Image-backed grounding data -
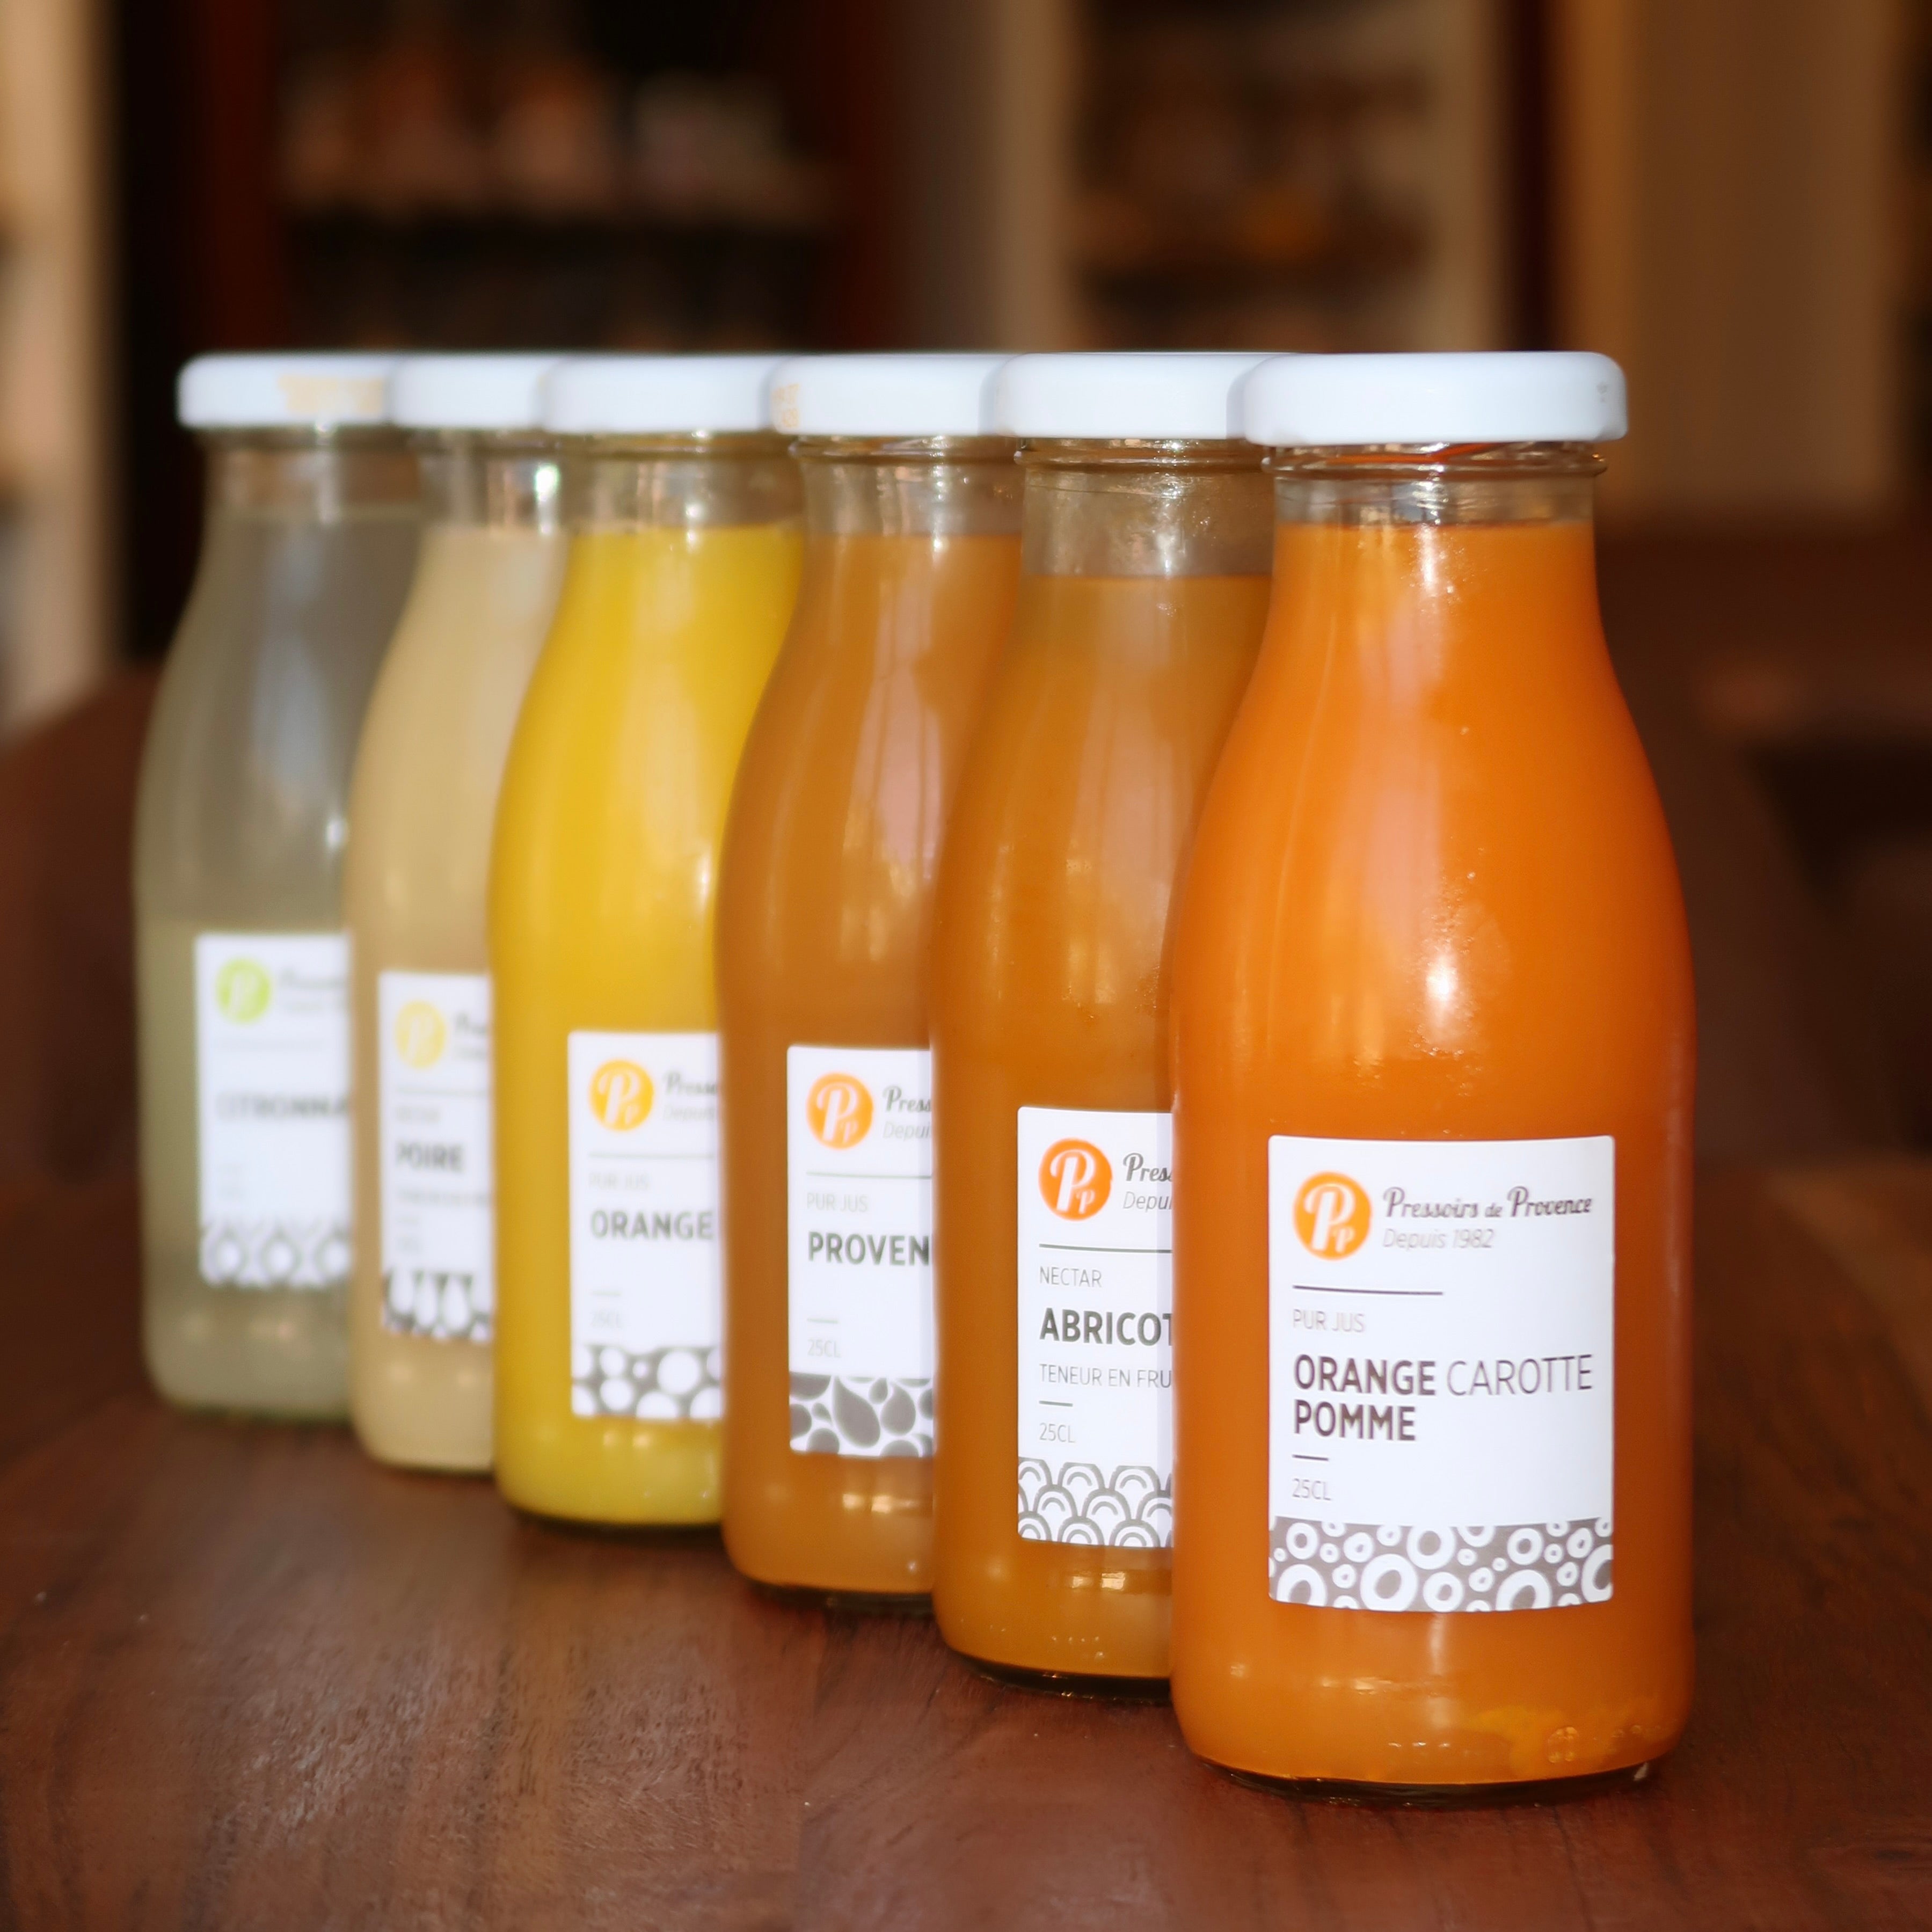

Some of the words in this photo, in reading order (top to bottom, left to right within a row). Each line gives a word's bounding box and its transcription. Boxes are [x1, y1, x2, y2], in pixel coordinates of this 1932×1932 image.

[395, 1139, 465, 1173] POIRE
[807, 1192, 837, 1211] PUR
[840, 1194, 868, 1213] JUS
[1382, 1186, 1479, 1218] Pressoirs
[1484, 1202, 1504, 1218] de
[1507, 1185, 1595, 1217] Provence
[590, 1209, 714, 1242] ORANGE
[808, 1231, 930, 1267] PROVEN
[1383, 1228, 1447, 1251] Depuis
[1453, 1228, 1496, 1249] 1982
[1039, 1265, 1102, 1288] NECTAR
[1293, 1308, 1326, 1331] PUR
[1332, 1312, 1365, 1333] JUS
[807, 1338, 841, 1359] 25CL
[1039, 1363, 1103, 1387] TENEUR
[1108, 1368, 1131, 1387] EN
[1137, 1369, 1172, 1389] FRU
[1293, 1353, 1437, 1396] ORANGE
[1447, 1353, 1593, 1396] CAROTTE
[1293, 1398, 1417, 1442] POMME
[1039, 1422, 1076, 1444] 25CL
[1292, 1478, 1332, 1501] 25CL

Aim of the exercise - Please give back the data above word for word, with no pictures included.

Exercise answer -
Some of the words in this photo, in reading order (top to bottom, left to right within a row). Each line gives a word's bounding box and its transcription. Boxes are [x1, y1, x2, y2], in pixel coordinates of this 1932×1932 image.

[395, 1139, 465, 1173] POIRE
[807, 1192, 837, 1211] PUR
[840, 1194, 868, 1213] JUS
[1382, 1186, 1479, 1218] Pressoirs
[1484, 1202, 1504, 1218] de
[1507, 1185, 1595, 1217] Provence
[590, 1209, 714, 1242] ORANGE
[808, 1231, 930, 1267] PROVEN
[1383, 1228, 1447, 1251] Depuis
[1453, 1228, 1496, 1249] 1982
[1039, 1265, 1102, 1288] NECTAR
[1293, 1308, 1326, 1331] PUR
[1332, 1312, 1365, 1333] JUS
[807, 1338, 841, 1359] 25CL
[1039, 1363, 1103, 1387] TENEUR
[1108, 1368, 1131, 1387] EN
[1137, 1369, 1172, 1389] FRU
[1293, 1353, 1437, 1396] ORANGE
[1447, 1353, 1593, 1396] CAROTTE
[1293, 1398, 1417, 1442] POMME
[1039, 1422, 1076, 1444] 25CL
[1292, 1478, 1332, 1501] 25CL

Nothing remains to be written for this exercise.